Pancreatic ductal adenocarcinoma (PDAC) is an aggressive malignancy driven by oncogenic KRAS and characterized by profound metabolic rewiring. To sustain proliferation under nutrient stress, PDAC cells rely on macropinocytosis, an cytoskeleton-dependent pathway for extracellular nutrient uptake. The Oral-Facial-Digital syndrome 1 protein OFD1 is implicated in the progression of PDAC and regulates actin cytoskeletal dynamics. However, its role in macropinocytosis remains unclear. Here, we identify OFD1 as a key downstream effector of KRAS that orchestrates macropinocytosis. The oncogenic KRAS induces OFD1 expression, wheras OFD1 depletion markedly impairs macropinocytic activity and consequently suppresses tumor growth in KRAS mutant PDAC xenograft models.
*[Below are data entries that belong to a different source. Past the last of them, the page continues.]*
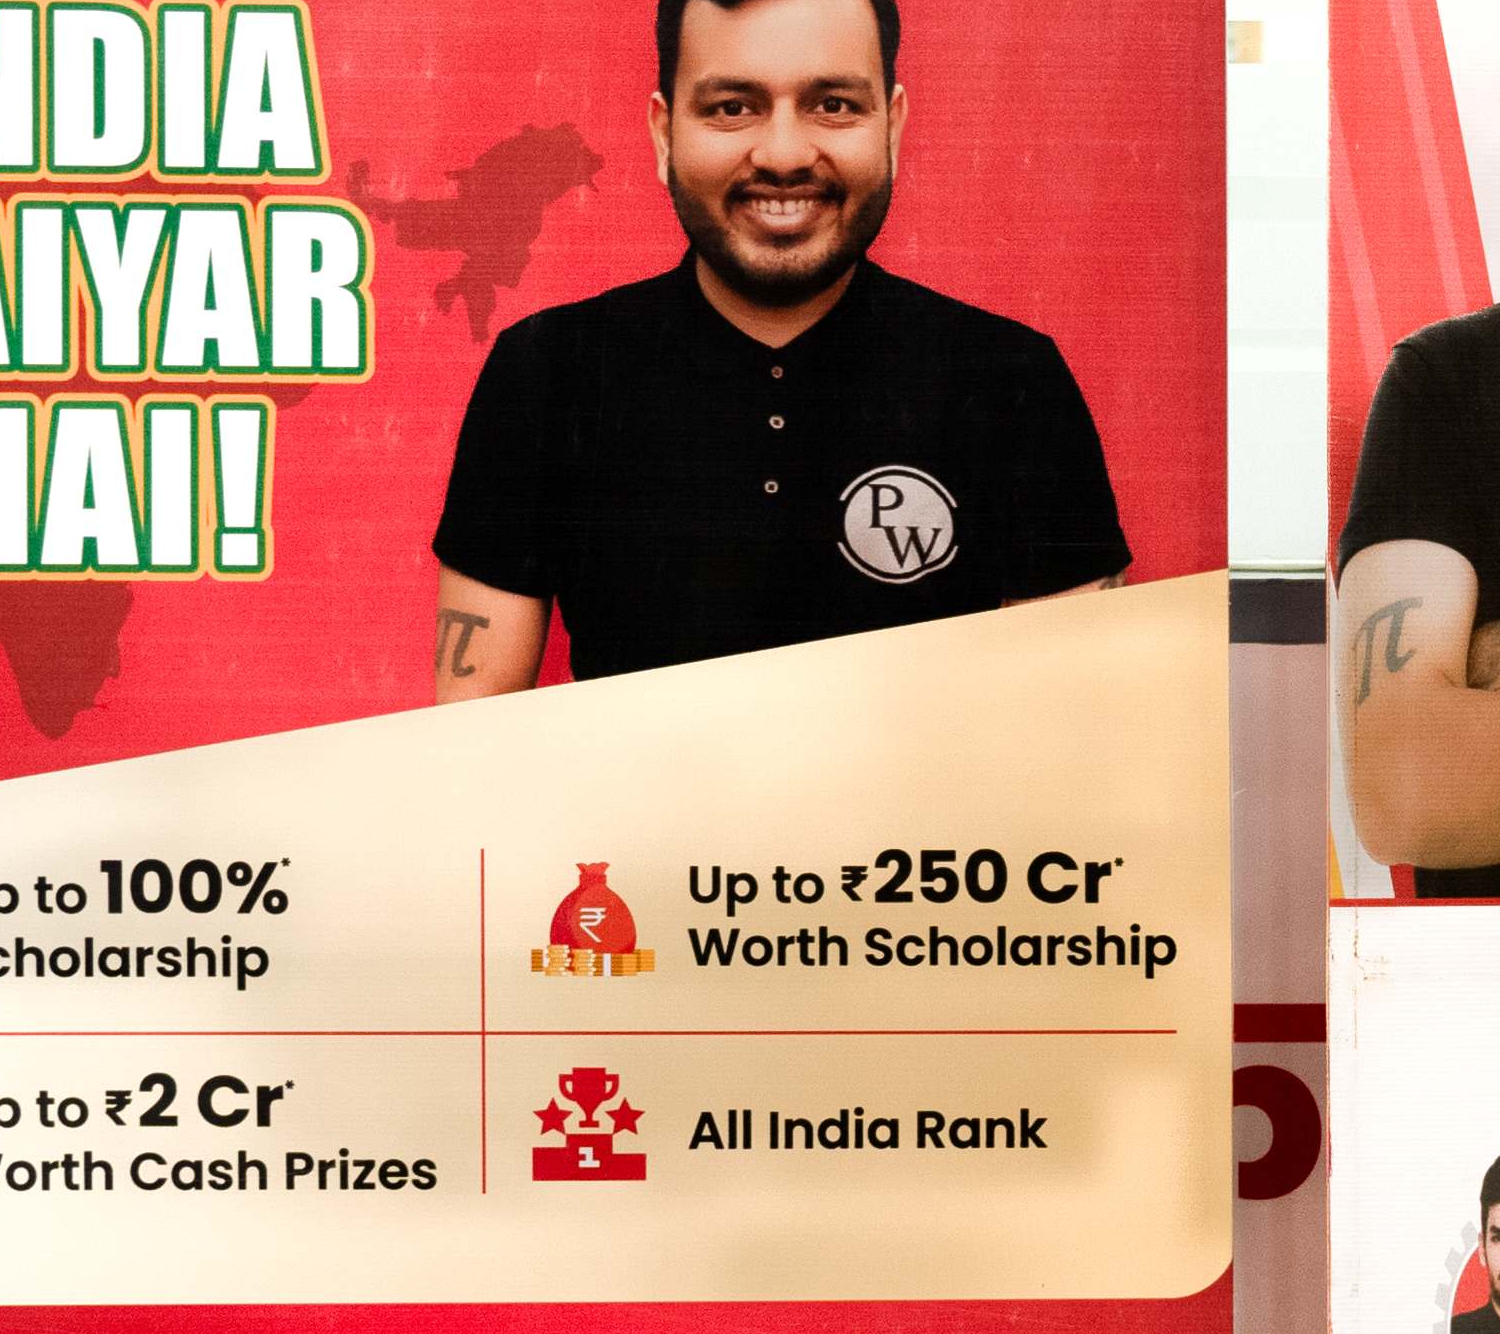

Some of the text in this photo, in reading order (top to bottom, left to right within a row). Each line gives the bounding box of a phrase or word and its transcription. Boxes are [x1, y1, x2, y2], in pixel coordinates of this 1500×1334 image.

[33, 875, 88, 915] to
[689, 865, 825, 918] Up to
[687, 922, 1178, 980] Worth Scholarship
[35, 1089, 90, 1129] to
[688, 1106, 1048, 1150] All India Rank
[129, 1149, 269, 1192] Cash
[285, 1147, 438, 1191] Prizes
Mechanistically, OFD1 sustains NF-κB-dependent transcription of Syndecan-4 (SDC4), a core component of the macropinocytic machinery. In turn, restoration of SDC4 expression rescues macropinocytosis and tumor growth. Notably, a drug-repurposing screen identifies pharmacological degradation of OFD1 as an effective strategy to inhibit macropinocytosis and restrain PDAC progression. Consistent with these findings, OFD1 expression positively correlates with SDC4 levels in PDAC patient samples, and elevated SDC4 expression is associated with poor patient survival. Together, these findings establish OFD1 as a central regulator of macropinocytosis and reveal a potential metabolic vulnerability in PDAC.